La Asunción vivía sola porque se
había quedado viuda y no tenía hijos. La soledad le era engorrosa y pesada.
Ella, que toda la vida se había distinguido por un carácter jovial y
comunicativo, ahora se encontraba desamparada, como un islote en medio del
océano. Tuvo que hacer grandes esfuerzos para reconciliarse con la nueva
situación y no se perdía ninguna ocasión para salir y comunicarse; y cuando no
podía más, el teléfono le servía de salvavidas. Como sea que tenía el recurso
de la fe, fue aprendiendo, a duras penas, que su soledad era más aparente que
real. Su interior -pensaba a veces- podía ser un lugar de encuentro
maravilloso. Como si dijéramos: un punto de cita.

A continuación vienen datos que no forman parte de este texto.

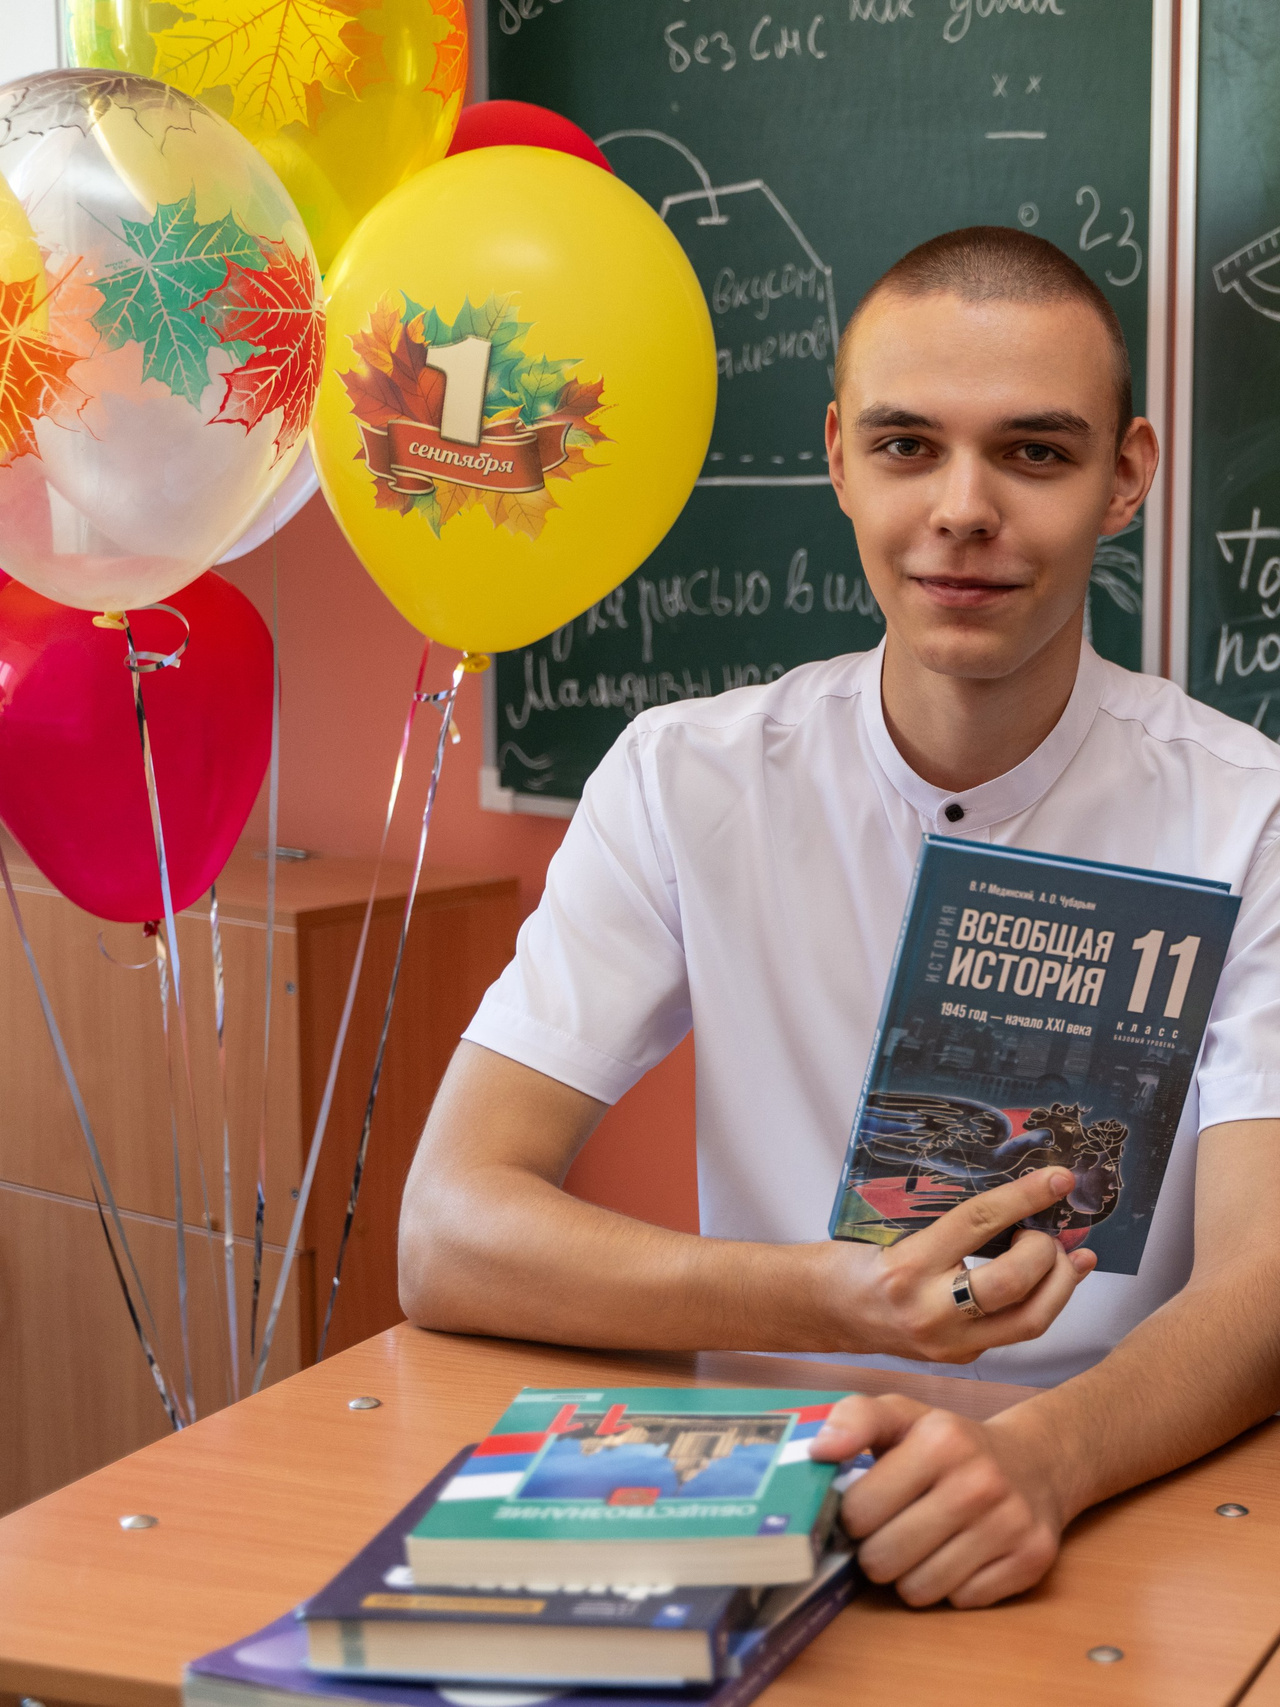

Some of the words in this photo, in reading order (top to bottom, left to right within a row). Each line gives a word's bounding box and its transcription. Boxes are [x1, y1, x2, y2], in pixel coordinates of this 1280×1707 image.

En ningún momento dejó de mantener
sus relaciones habituales, aunque aprendió a relativizar su importancia. Dicho
y hecho, las relaciones, diríamos rutinarias, eran necesariamente esporádicas
y, a menudo, superficiales. Verdaderamente, la necesidad compulsiva de
compañerismo ¿no era una excusa disimulada para no encontrarse cara a cara con
una realidad más profunda, que podía tener lugar en su interior?
Asunción era una mujer espabilada y
había recibido, de jovencita, una buena formación incluso cristiana, aunque
envuelta en una atmósfera de temor; cosa que le hacía difícil poderse sentir
acompañada amistosamente por la presencia de Dios. Ahora tenía mucho tiempo
libre, y la televisión -que apagaba cada día a una hora establecida, para rezar
devotamente el Rosario- le acababa resultando insoportable. A veces, enfadada y
decepcionada, apagaba de repente la pequeña pantalla, hasta la hora del
telediario preferido.
Durante aquellos espacios largos de
silencio, solía leer los escritos autobiográficos de Santa Teresa de Lisieux y,
algunas veces, se atrevía a leer, sin mucho entusiasmo, fragmentos del Cántico
Espiritual de San Juan de la Cruz. Poco a poco encontró gusto y se decidió a
leerlo seguidamente. Marcaba con lápiz el punto donde se había detenido y allí
seguía en otro momento. Su lectura era sumamente reposada, lo que aprovechaba
para bajar a su interior, y comparar las experiencias del Santo o de Santa
Teresita con ella misma y su estado de ánimo. Entendió pronto que la más
excelente vía de comunicación con Dios -por no decir la única- es el amor, y
que, de amar, ella era perfectamente capaz. Como el amor entre dos requiere un
cierto aislamiento de cosas y personas, dio gracias a Dios por su situación de
soledad. Sin ella nunca habría tenido la oportunidad de unas vivencias nuevas
que empezaban a brotar tímidamente en la profundidad de su corazón, provocando
un cambio radical de su escala de valores y de su manera de ser.